When we imagine how to use a resource effectively – be that resource a development team, a CPU core, or a port-a-potty – our thoughts usually turn to efficiency. Ideally, the resource gets used at 100% of its capacity: we have enough capacity to serve our needs without generating queues, but not so much that we’re wasting money on idle resources. In practice there are spikes and lulls in traffic, so we should provision enough capacity to handle those spikes when they arrive, but we should always try to minimize the amount of capacity that’s sitting idle.

Except what I just said is bullshit.

In the early chapters of Donald G. Reinertsen’s brain-curdlingly rich Principles of Product Development Flow, I learned a very important and counterintuitive lesson about queueing theory that puts the lie to this naïve aspiration to efficiency-above-all-else. I want to share it with you, because once you understand it you will see the consequences everywhere.

Queueing theory?

Queueing theory is an unreasonably effective discipline that deals with systems in which tasks take time to get processed, and if there are no processors available then a task has to wait its turn in a queue. Sound familiar? That’s because queueing theory can be used to study basically anything.

In its easiest-to-consume form, queueing theory tells us about average quantities in the steady state of a queueing system. Suppose you’re managing a small supermarket with 3 checkout lines. Customers take different, unpredictable amounts of time to finish their shopping. So they arrive at the checkout line at different intervals. We call the interval between two customers reaching the checkout line the arrival interval.

And customers also take different, unpredictable amounts of time to get checked out. The time it takes from when the cashier scans a customer’s first item to when they finish checking that customer out is called the processing time.

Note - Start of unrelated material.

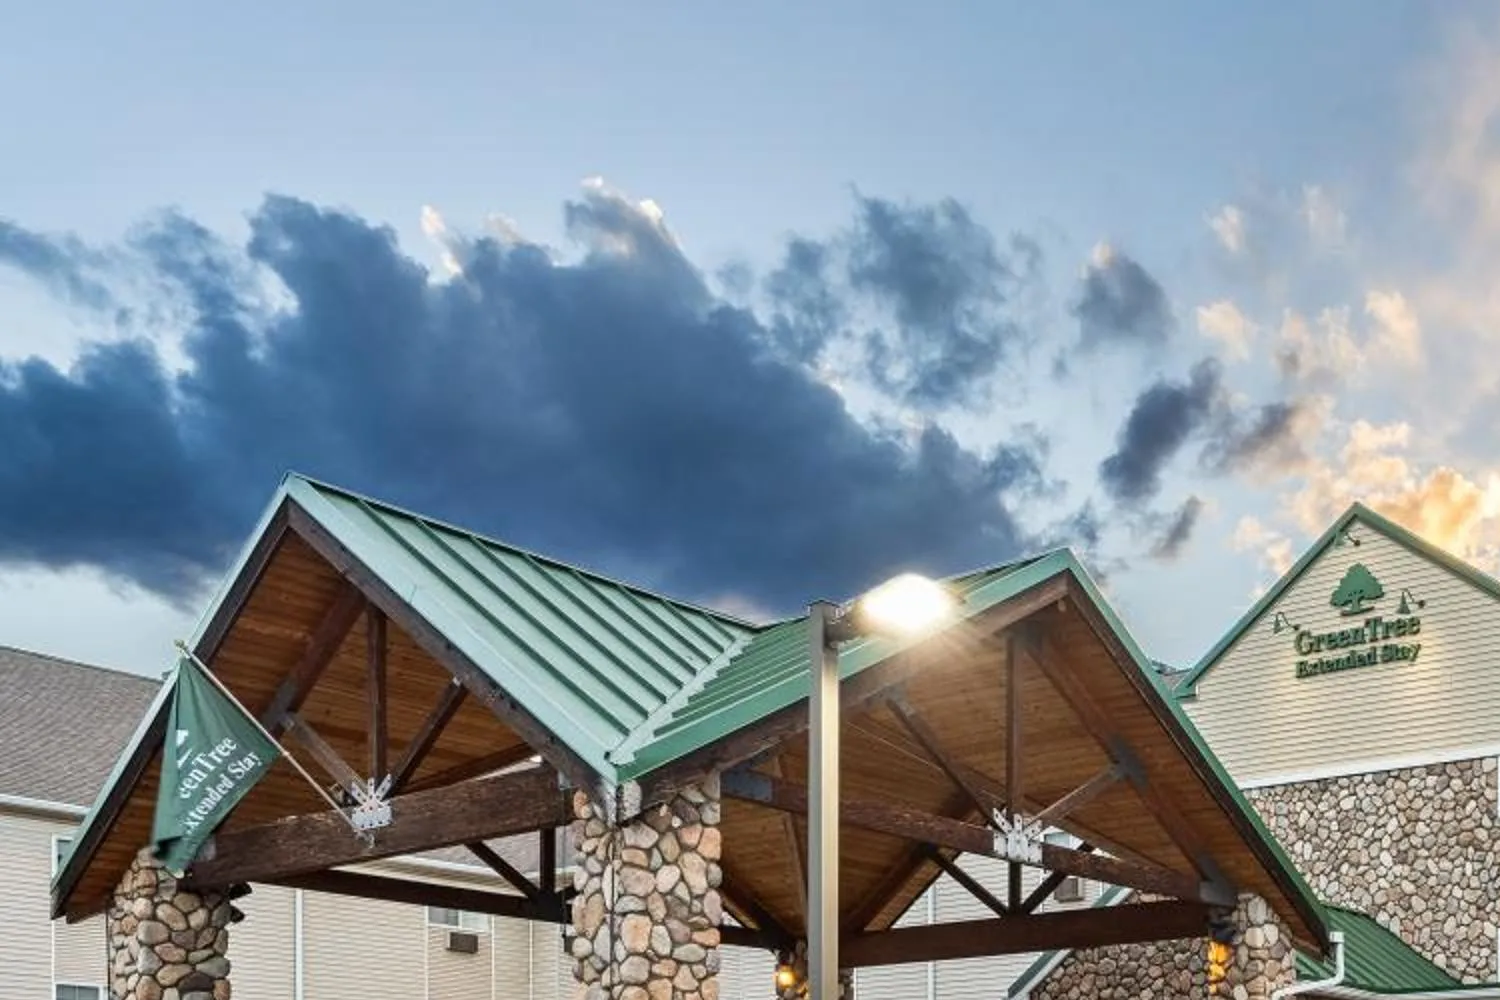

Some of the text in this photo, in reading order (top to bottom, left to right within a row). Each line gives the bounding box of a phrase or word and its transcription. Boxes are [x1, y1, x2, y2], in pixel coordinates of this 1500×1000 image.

[1294, 616, 1421, 656] GreenTree
[1295, 643, 1422, 678] Extended Stay
[179, 737, 237, 799] eenTree
[184, 773, 235, 834] xtended

Each of these quantities has some variability in it and can’t be predicted in advance for a particular customer. But you can empirically determine the probability distribution of these quantities:

Given just the information we’ve stated so far, queueing theory can answer a lot of questions about your supermarket. Questions like:

How long on average will a customer have to wait to check out?
What proportion of customers will arrive at the checkout counter without having to wait in line?
Can you get away with pulling an employee off one of the registers to go stock shelves? And if you do that, how will you know when you need to re-staff that register?

These sorts of questions are super important in all sorts of systems, and queueing theory provides a shockingly generalizable framework for answering them. Here’s an important theme that shows up in a huge variety of queueing systems:

The closer you get to full capacity utilization, the longer your queues get. If you’re using 100% of capacity all time, your queues grow to infinity.

This is counterintuitive but absolutely true, so let’s think through it.

What happens when you have no idle capacity

What the hell? Isn’t using capacity efficiently how you’re supposed to get rid of queues? Well yes, but it doesn’t work if you do it all the time. You need some buffer capacity.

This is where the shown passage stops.